Thiessen, now 38, had a hard time hearing by the time he turned 4: "I just thought I was a broken hearing person." By the time he turned 18 he was completely deaf. He says he began to realize that deafness wasn't just a flaw in his body but was important to his identity, like being Irish or Hispanic. Since he wasn't born deaf, he learned more easily to lip-read and speak and is now getting a master's degree from the University of North Dakota.

Thiessen married a hearing woman and now has two children, both hearing. He has helped plant deaf churches and is working as a translation consultant with DOOR International Ministry, a deaf-run organization. His ability to communicate both within and without the deaf community allows him to be a bridge between the two worlds, something a hearing person with ASL training can't do.

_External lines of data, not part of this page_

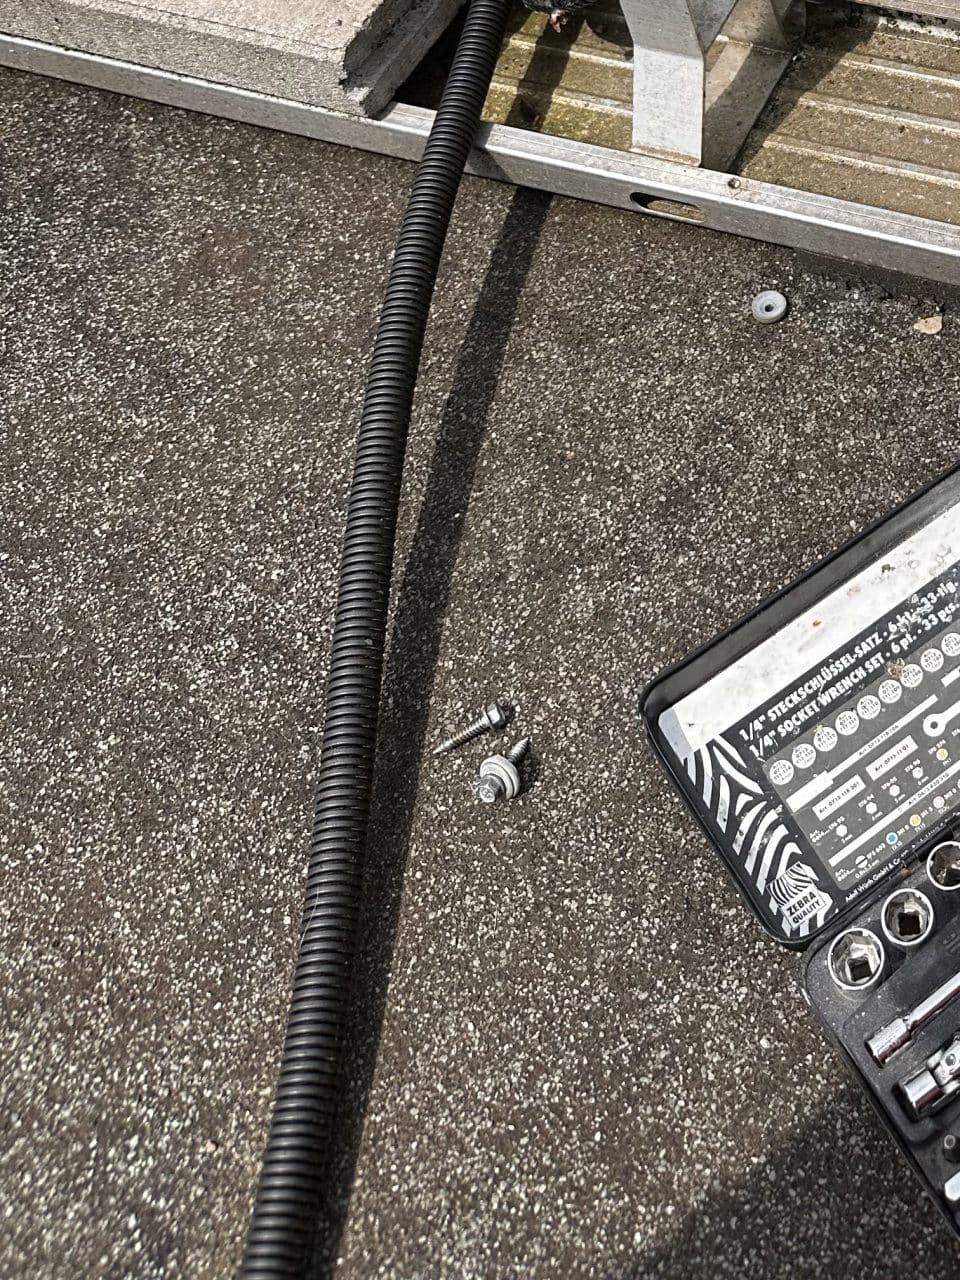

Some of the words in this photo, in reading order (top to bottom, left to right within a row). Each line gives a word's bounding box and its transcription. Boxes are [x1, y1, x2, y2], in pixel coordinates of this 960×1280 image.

[765, 631, 883, 721] STECKSCHLÜSSEL-SATZ
[775, 699, 820, 737] SOCKET
[816, 666, 867, 708] WRENCH
[864, 652, 886, 672] SET
[888, 640, 901, 654] 6
[919, 612, 940, 631] 33
[785, 890, 816, 915] ZEBRA
[791, 898, 822, 924] QUALITY

But with no full ASL translations of the Bible, it's hard for Thiessen to teach a deaf congregation. One translation of the New Testament into ASL exists: Council Bluff Deaf Missions in Iowa signed the New Testament onto DVD, a method Wycliffe translators agree is more effective than sign writing, a print version of visual signs. The process began over 23 years ago and translators are partway through a translation of the Old Testament.

An arm of Wycliffe in Spain is experimenting with Bible translation into sign animation, which allows easier video editing and makes the delivery of the text more neutral. When a live person is signing the Bible on a DVD, those watching may read the person's personality into the text. Animation removes those preconceptions-though Wycliffe's Bickford explains that the process of animating one verse may take eight hours. Also, signers in places like India and China are nervous about being videotaped translating the Bible for fear of reprisals from extremists.

Language can divide the deaf not just from the Bible but from the church itself. Any difficulty deaf people have with English, Thiessen says, often causes hearing people to think that the deaf have lower intelligence: Churches often treat the deaf as "someone less-than," and then deaf resentment of churches blossoms.

Feeling cut off from the church, some deaf people have a hard time believing that salvation can belong to them, too. Thiessen is among the 1 percent of deaf people with regular church participation, but he notes that some among the deaf think "the church is for hearing people."

Thiessen reflects, "Prayer for me was the hardest. I think it might be the same for every deaf person. We are so dependent on our eyes, and we can't see God. When deaf people talk to each other, we have to be locked eye to eye. When I talk with God, I can't see His eyes."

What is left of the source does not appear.